## [Aim of the exercise]
Transcribe all of the records, leaving out any pictures.

## [Dataset records]
=== Begin Enclosure ===

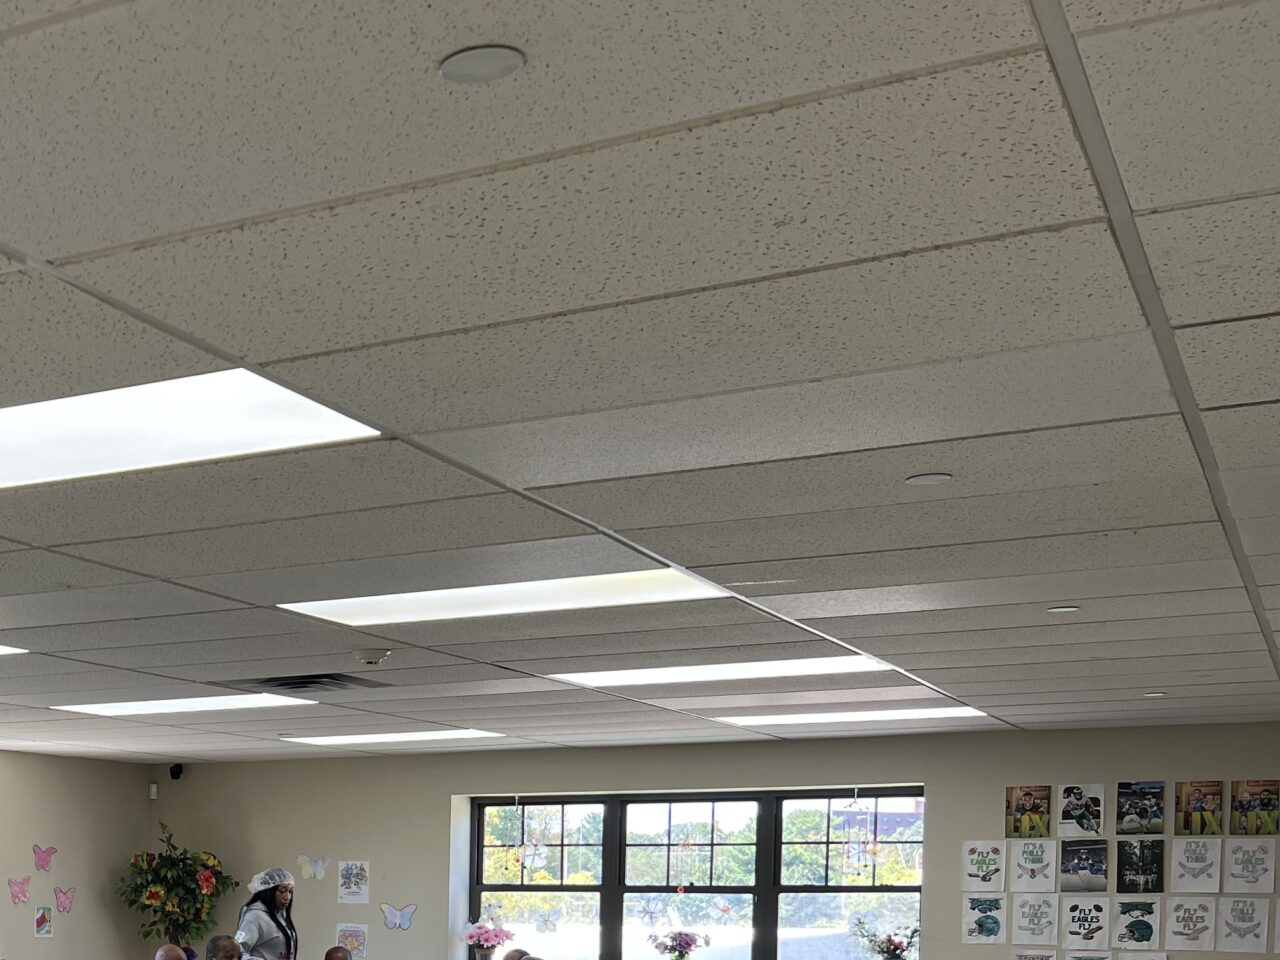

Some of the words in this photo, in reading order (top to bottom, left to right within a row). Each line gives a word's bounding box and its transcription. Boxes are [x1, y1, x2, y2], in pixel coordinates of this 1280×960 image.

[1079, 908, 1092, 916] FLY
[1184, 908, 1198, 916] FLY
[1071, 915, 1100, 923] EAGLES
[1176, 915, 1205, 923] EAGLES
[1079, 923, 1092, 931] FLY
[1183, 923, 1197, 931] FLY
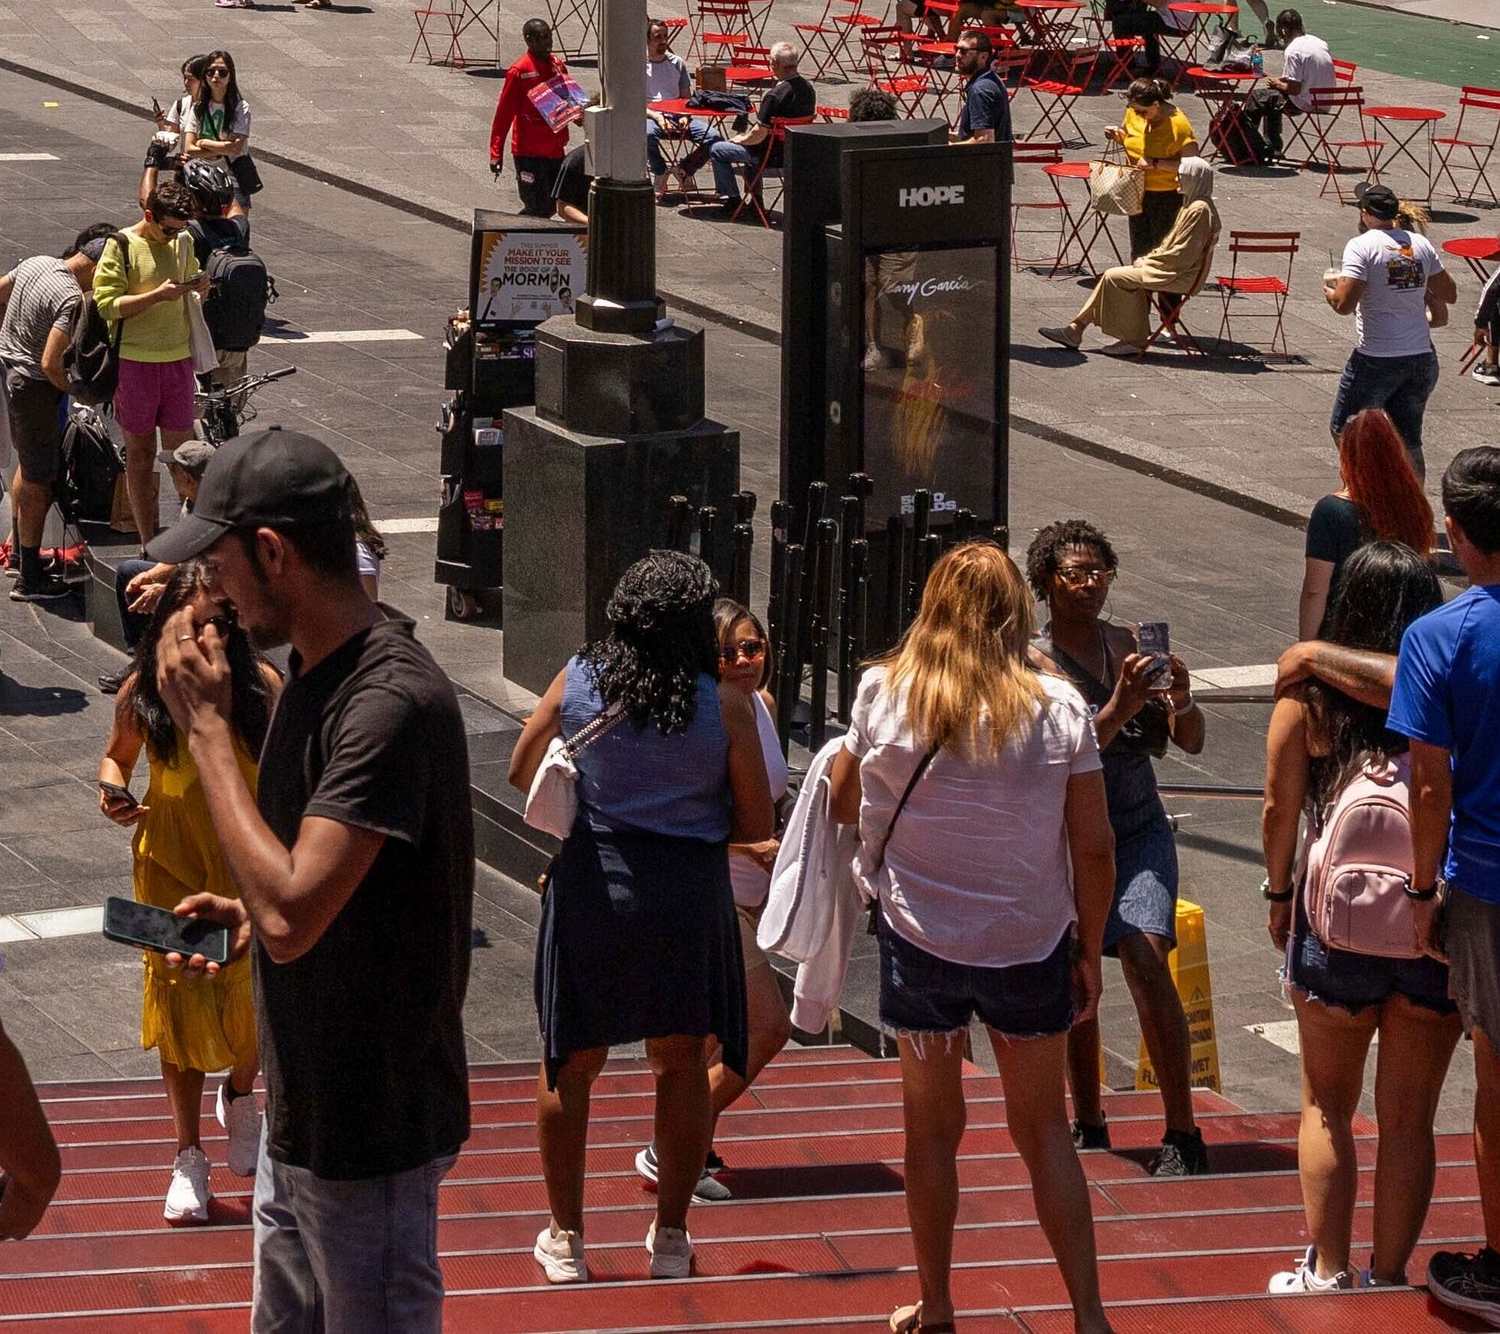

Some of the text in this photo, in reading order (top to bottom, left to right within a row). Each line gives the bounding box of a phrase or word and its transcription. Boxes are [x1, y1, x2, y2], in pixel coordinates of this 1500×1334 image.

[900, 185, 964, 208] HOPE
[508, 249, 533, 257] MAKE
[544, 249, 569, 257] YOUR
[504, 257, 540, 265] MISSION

=== End Enclosure ===

## [Output of the task]
Some of the words in this photo, in reading order (top to bottom, left to right within a row). Each line gives a word's bounding box and its transcription. Boxes are [x1, y1, x2, y2], in pixel coordinates of this 1280×960 image.

[1079, 908, 1092, 916] FLY
[1184, 908, 1198, 916] FLY
[1071, 915, 1100, 923] EAGLES
[1176, 915, 1205, 923] EAGLES
[1079, 923, 1092, 931] FLY
[1183, 923, 1197, 931] FLY

Some of the text in this photo, in reading order (top to bottom, left to right within a row). Each line gives the bounding box of a phrase or word and its transcription. Boxes are [x1, y1, x2, y2], in pixel coordinates of this 1500×1334 image.

[900, 185, 964, 208] HOPE
[508, 249, 533, 257] MAKE
[544, 249, 569, 257] YOUR
[504, 257, 540, 265] MISSION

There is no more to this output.